• What you have to do
Nothing but the pictures may be left out. Restate the rest of the entries word for word.

• Source information
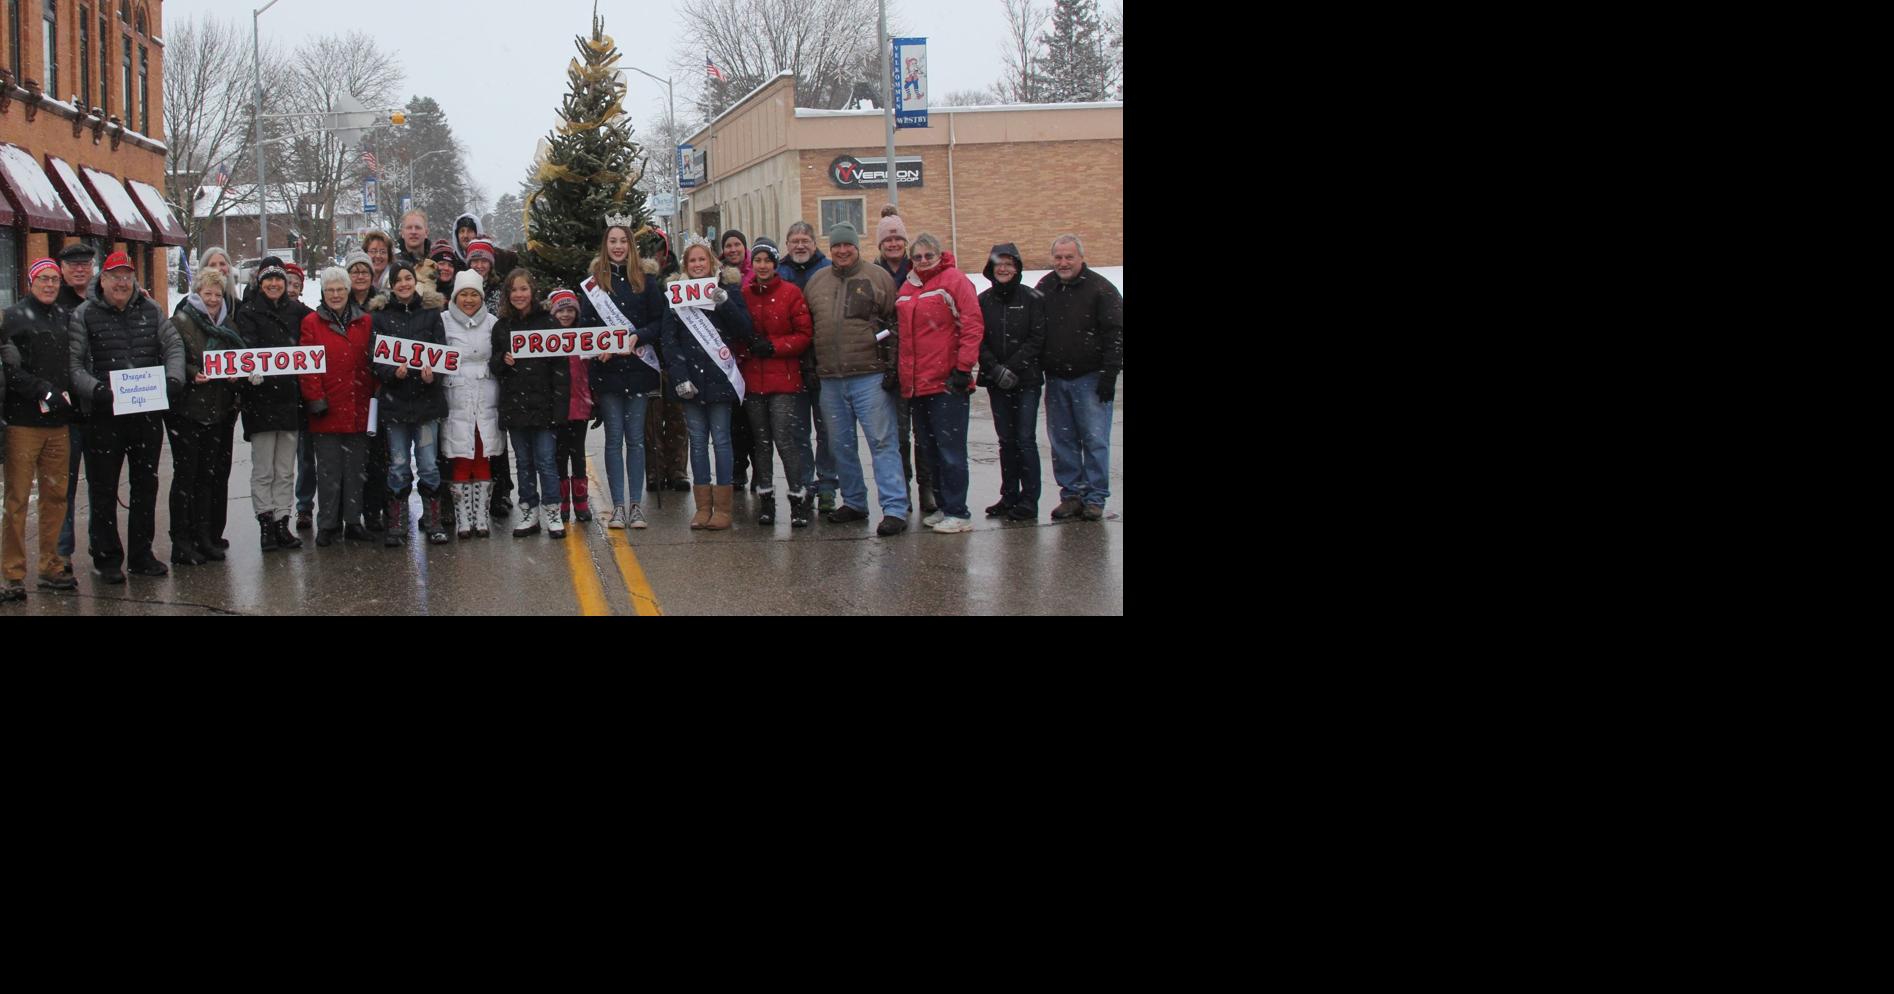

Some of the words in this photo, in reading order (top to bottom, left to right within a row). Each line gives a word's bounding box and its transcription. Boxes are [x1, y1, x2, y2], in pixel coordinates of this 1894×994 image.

[896, 116, 927, 124] WESTBY
[852, 169, 919, 179] VERON
[512, 329, 628, 353] PROJECT
[205, 349, 325, 376] HISTORY
[374, 339, 460, 371] ALIVE

• Result of the task
Some of the words in this photo, in reading order (top to bottom, left to right within a row). Each line gives a word's bounding box and its transcription. Boxes are [x1, y1, x2, y2], in pixel coordinates of this 1894×994 image.

[896, 116, 927, 124] WESTBY
[852, 169, 919, 179] VERON
[512, 329, 628, 353] PROJECT
[205, 349, 325, 376] HISTORY
[374, 339, 460, 371] ALIVE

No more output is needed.